Problem statement -
With images removed, return the whole listing exactly as written.
+++
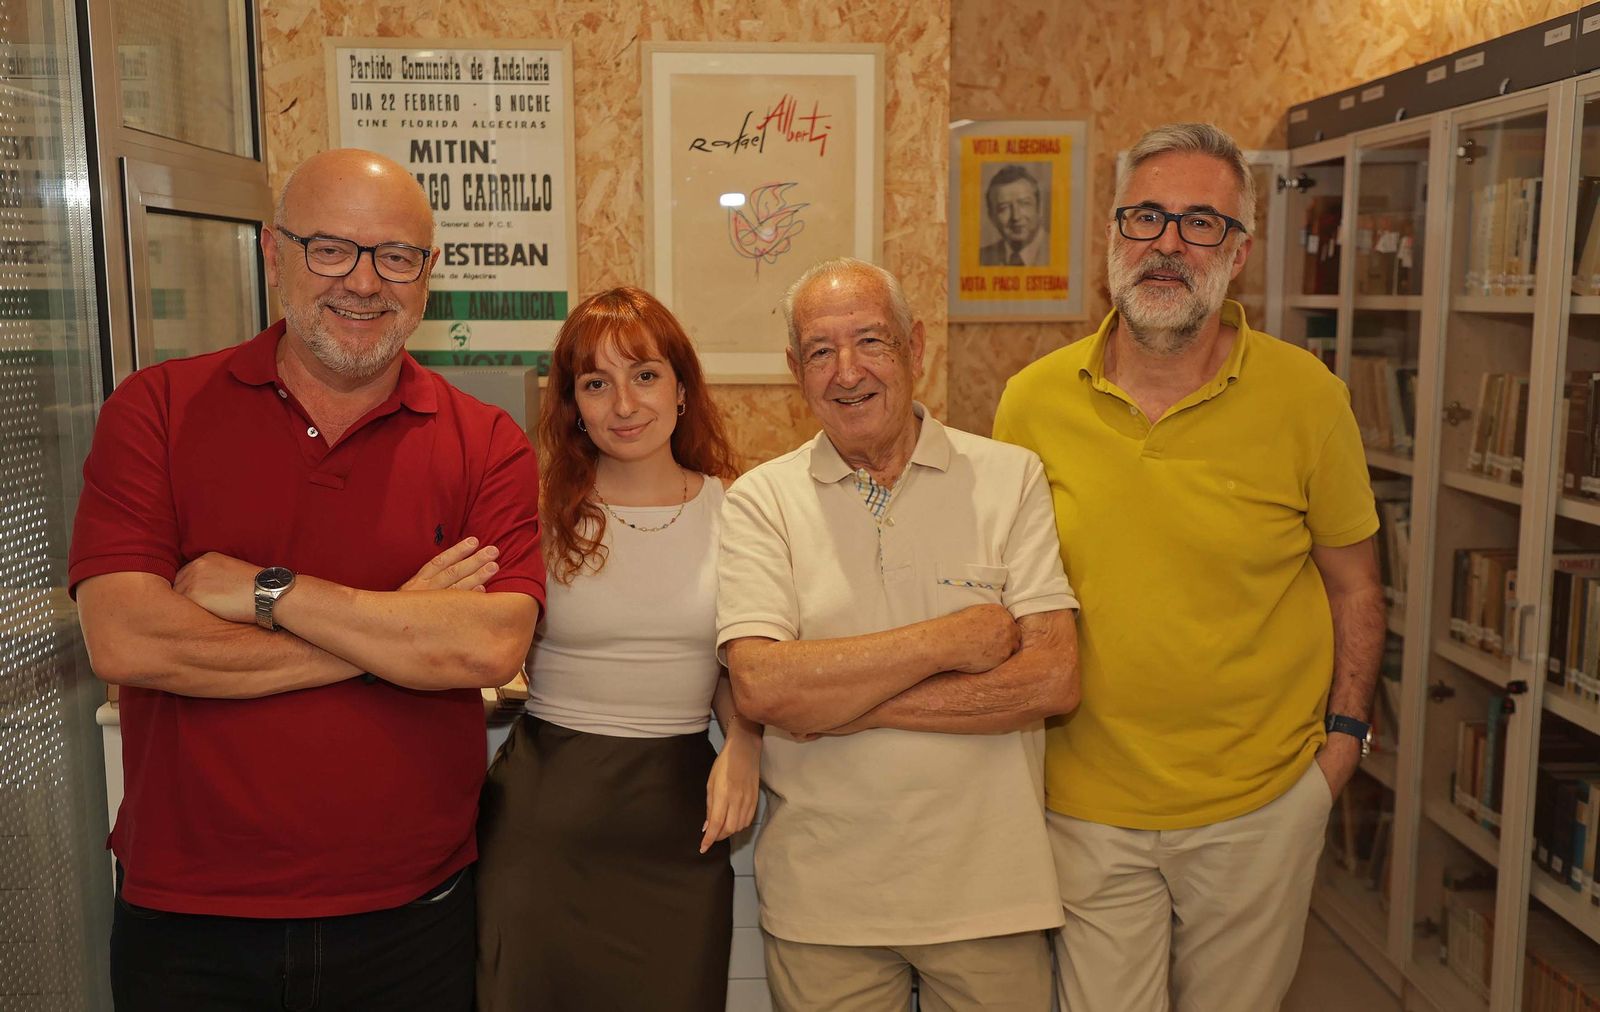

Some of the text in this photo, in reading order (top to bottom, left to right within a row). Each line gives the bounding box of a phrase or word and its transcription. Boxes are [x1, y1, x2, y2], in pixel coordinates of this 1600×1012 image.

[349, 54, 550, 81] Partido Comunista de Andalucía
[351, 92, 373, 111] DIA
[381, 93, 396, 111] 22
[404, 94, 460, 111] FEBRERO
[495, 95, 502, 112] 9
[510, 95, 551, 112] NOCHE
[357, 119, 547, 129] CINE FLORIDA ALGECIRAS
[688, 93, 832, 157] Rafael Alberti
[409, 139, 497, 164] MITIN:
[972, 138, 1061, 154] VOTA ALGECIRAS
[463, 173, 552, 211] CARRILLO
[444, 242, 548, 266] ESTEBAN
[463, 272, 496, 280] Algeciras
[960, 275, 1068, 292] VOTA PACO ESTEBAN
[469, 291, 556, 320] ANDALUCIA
+++
Reply to the task -
Some of the text in this photo, in reading order (top to bottom, left to right within a row). Each line gives the bounding box of a phrase or word and its transcription. Boxes are [x1, y1, x2, y2], in pixel coordinates of this 1600×1012 image.

[349, 54, 550, 81] Partido Comunista de Andalucía
[351, 92, 373, 111] DIA
[381, 93, 396, 111] 22
[404, 94, 460, 111] FEBRERO
[495, 95, 502, 112] 9
[510, 95, 551, 112] NOCHE
[357, 119, 547, 129] CINE FLORIDA ALGECIRAS
[688, 93, 832, 157] Rafael Alberti
[409, 139, 497, 164] MITIN:
[972, 138, 1061, 154] VOTA ALGECIRAS
[463, 173, 552, 211] CARRILLO
[444, 242, 548, 266] ESTEBAN
[463, 272, 496, 280] Algeciras
[960, 275, 1068, 292] VOTA PACO ESTEBAN
[469, 291, 556, 320] ANDALUCIA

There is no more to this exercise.